Standorte betroffen – so viele Arbeitsplätze fallen weg
Dem Sprecher zufolge sind insgesamt 126 Mitarbeitende vom Rückzug betroffen, davon 26 in Deutschland. Der Großteil arbeitet an den Standorten in Großbritannien und Frankreich. Noch zu Hochzeiten waren rund 450 Personen bei Heycar beschäftigt. In Großbritannien wird derzeit geprüft, ob ein Teil der Beschäftigten künftig Aufgaben im B2B-Gebrauchtwagengeschäft übernehmen kann.
Für die Schließung führt VWFS mehrere Gründe an: So habe man die Entwicklung des digitalen Kaufverhaltens überschätzt und die Marketingkosten unterschätzt. Auch der Handel kam nicht ausreichend an Bord. Man hätte sich dort ein stärkeres Bekenntnis zum Projekt gewünscht, hieß es.
Personelle Einschnitte bereits 2023
Die Probleme bei Heycar zeichneten sich schon seit längerem ab. So wurde bereits 2023 eine Umstrukturierung eingeleitet, die über 70 Mitarbeitern den Job kostete. Kurze Zeit später kam es zu weiteren personellen Einschnitten im niedrigen dreistelligen Bereich in Europa (wir berichteten).

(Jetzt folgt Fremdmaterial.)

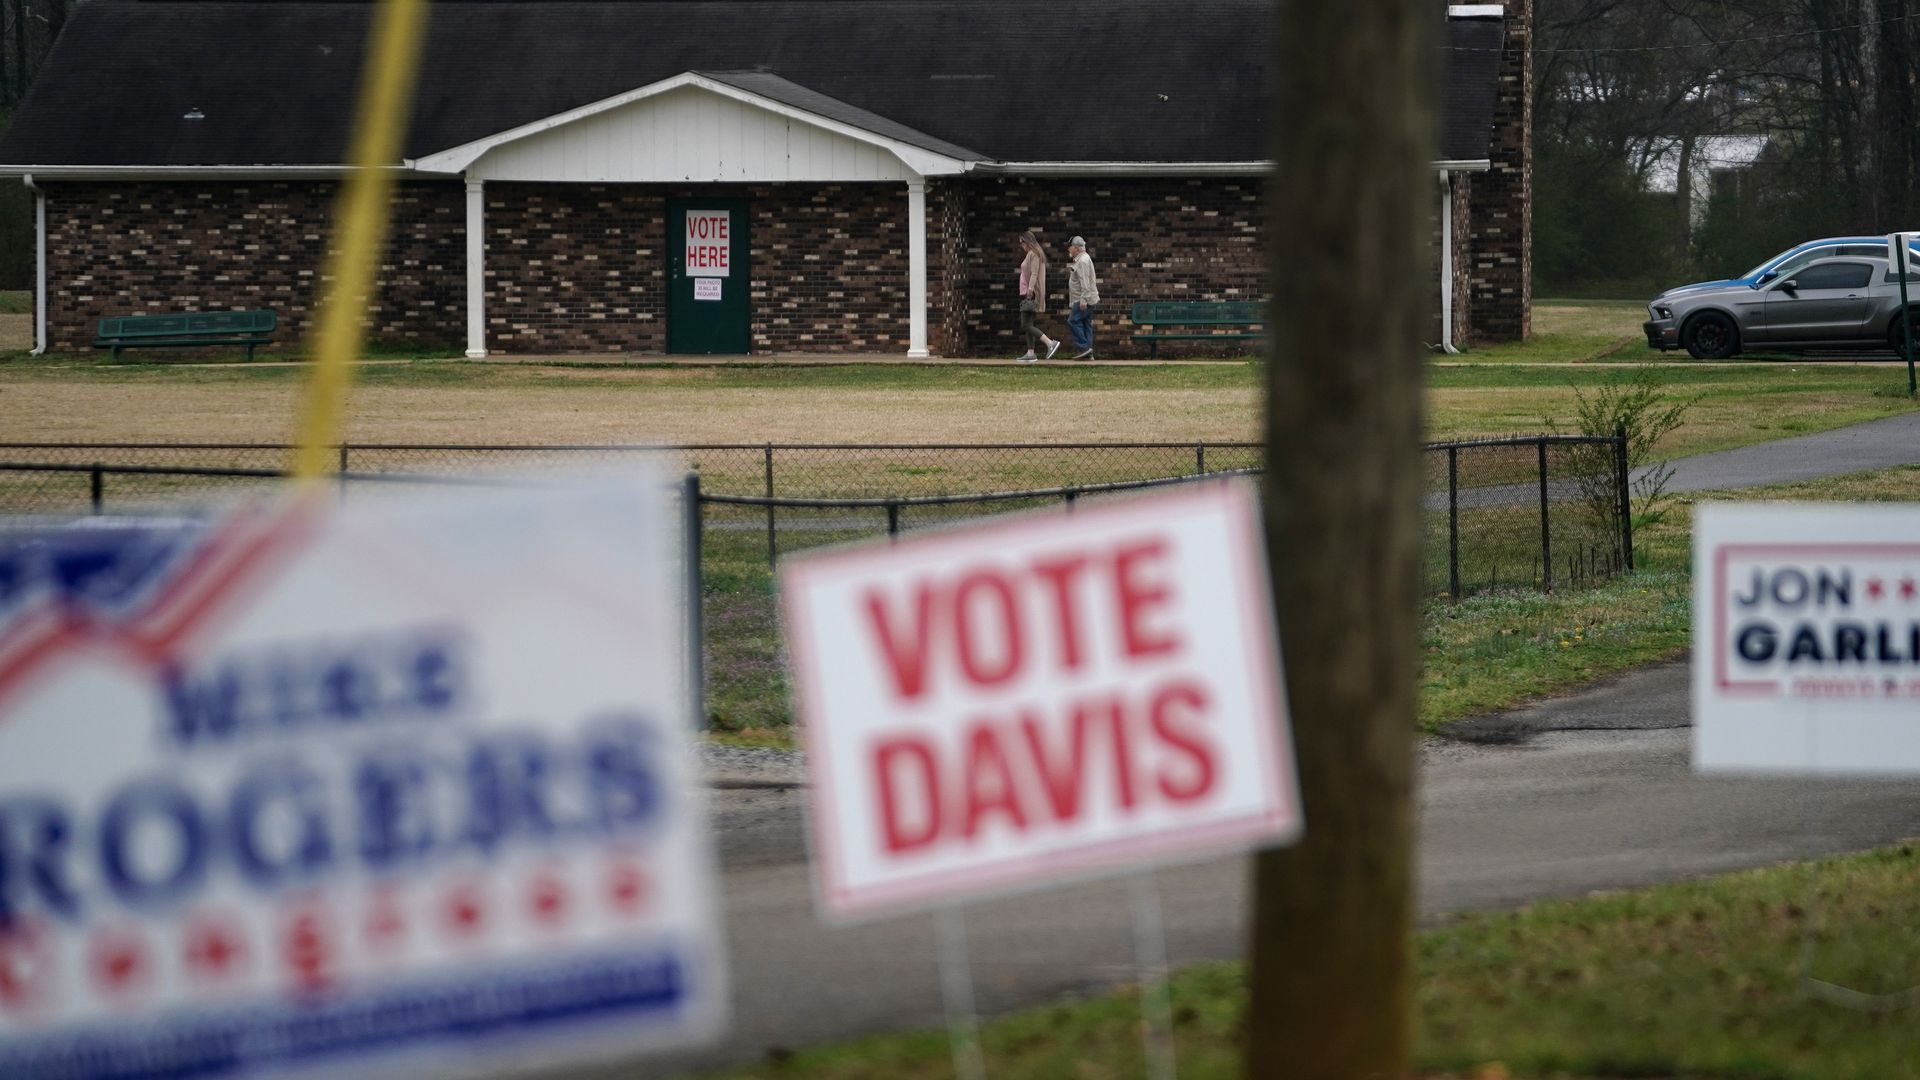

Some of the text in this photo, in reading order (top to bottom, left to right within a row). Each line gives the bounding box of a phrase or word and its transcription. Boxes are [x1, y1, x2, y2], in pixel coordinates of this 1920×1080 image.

[688, 216, 728, 239] VOTE
[688, 245, 728, 268] HERE
[864, 536, 1183, 700] VOTE
[1734, 566, 1854, 611] JON
[0, 712, 664, 922] ROGERS
[870, 682, 1221, 857] DAVIS

Mit der Aufgabe von Heycar verliert der deutsche Markt nun seinen bis dato größten Herausforderer für die etablierten Börsen-Platzhirsche. Die Entwicklung ist ein deutliches Signal, dass der Markteintritt in diesem Segment selbst mit starker finanzieller Rückendeckung kein Selbstläufer ist.